═══ DATA PROVIDED ═══

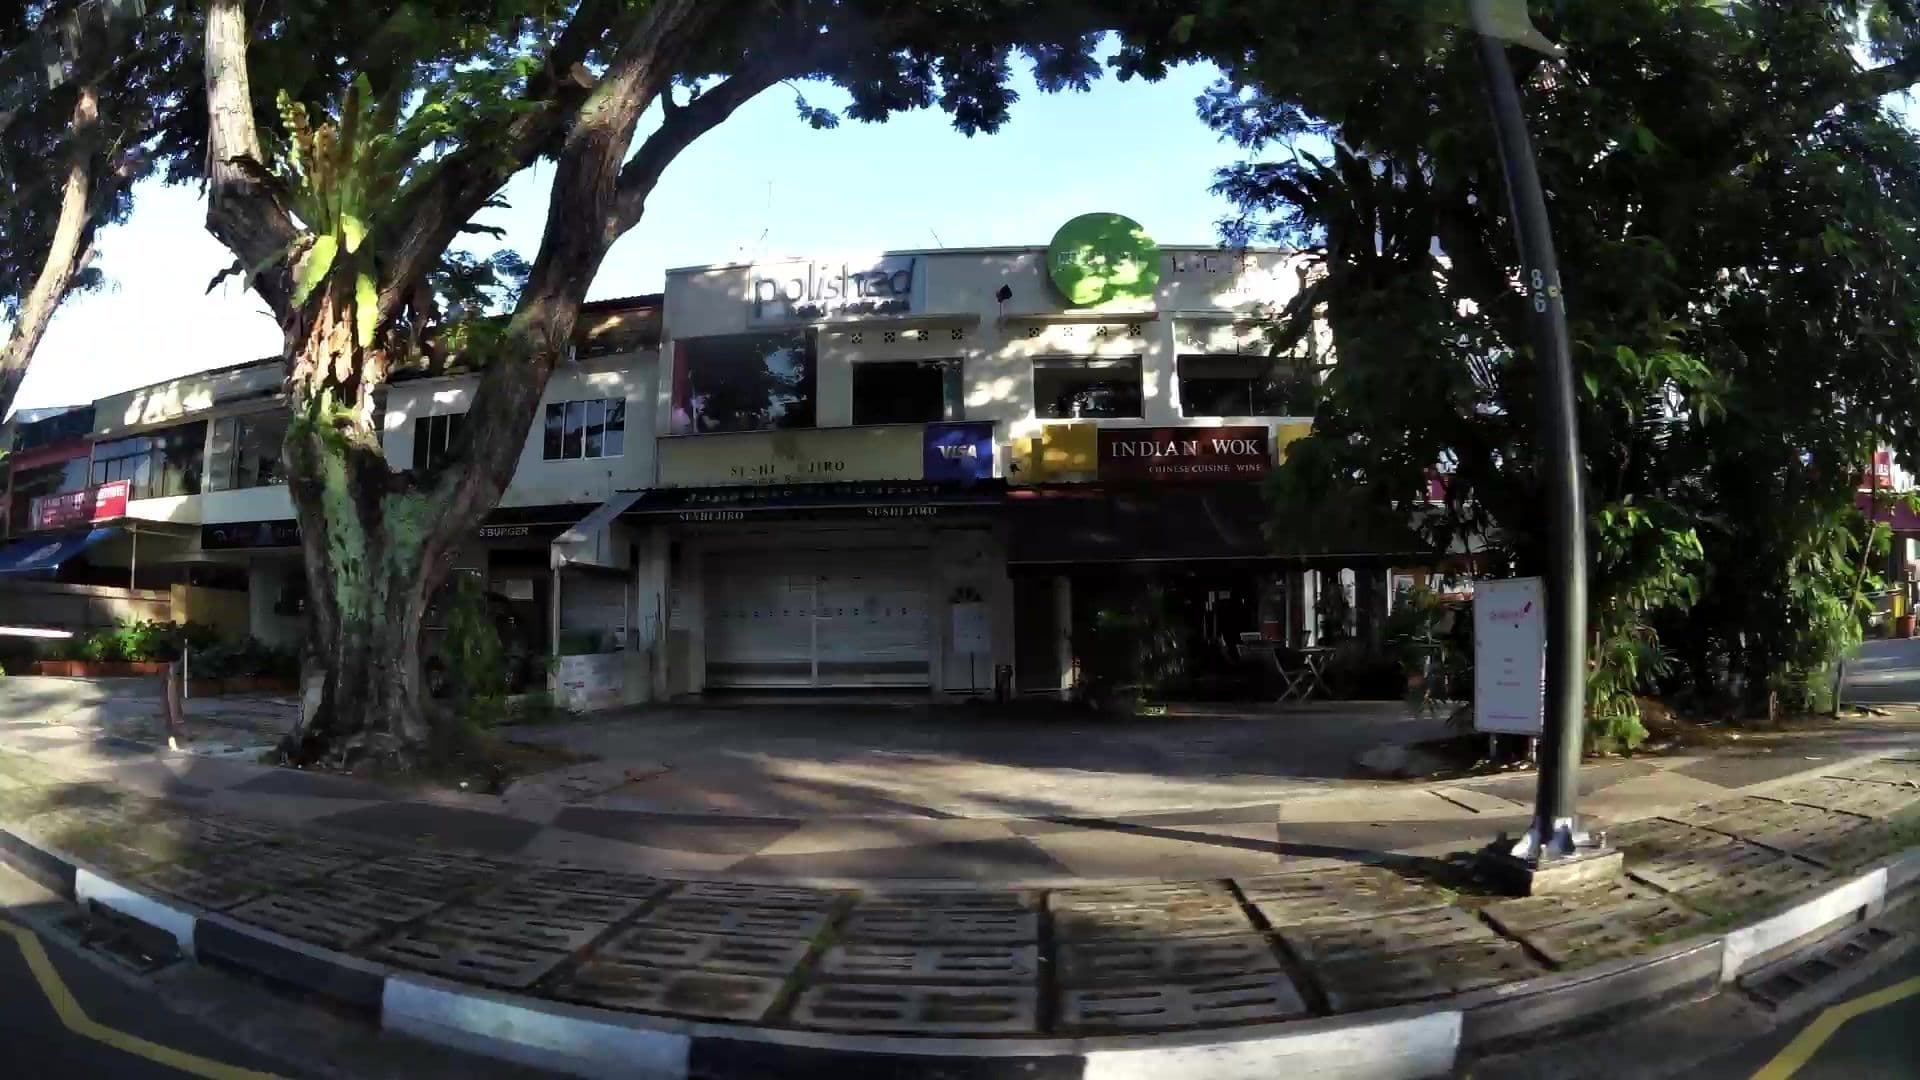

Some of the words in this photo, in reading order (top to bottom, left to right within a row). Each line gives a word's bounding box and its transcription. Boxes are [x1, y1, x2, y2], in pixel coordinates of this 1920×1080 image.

[754, 258, 916, 318] polished
[936, 444, 978, 459] VISA
[1112, 440, 1199, 457] INDIAN
[1212, 438, 1259, 456] WOK
[807, 461, 846, 474] JIRO
[1236, 463, 1261, 472] WINE
[716, 510, 744, 521] JIRO
[487, 526, 529, 537] BURGER

═══

▶ **WHAT YOU NEED TO DO**
All entries above must be repeated exactly; pictures are to be left out.

▶ **SOLUTION TO THIS EXERCISE**
Some of the words in this photo, in reading order (top to bottom, left to right within a row). Each line gives a word's bounding box and its transcription. Boxes are [x1, y1, x2, y2], in pixel coordinates of this 1920×1080 image.

[754, 258, 916, 318] polished
[936, 444, 978, 459] VISA
[1112, 440, 1199, 457] INDIAN
[1212, 438, 1259, 456] WOK
[807, 461, 846, 474] JIRO
[1236, 463, 1261, 472] WINE
[716, 510, 744, 521] JIRO
[487, 526, 529, 537] BURGER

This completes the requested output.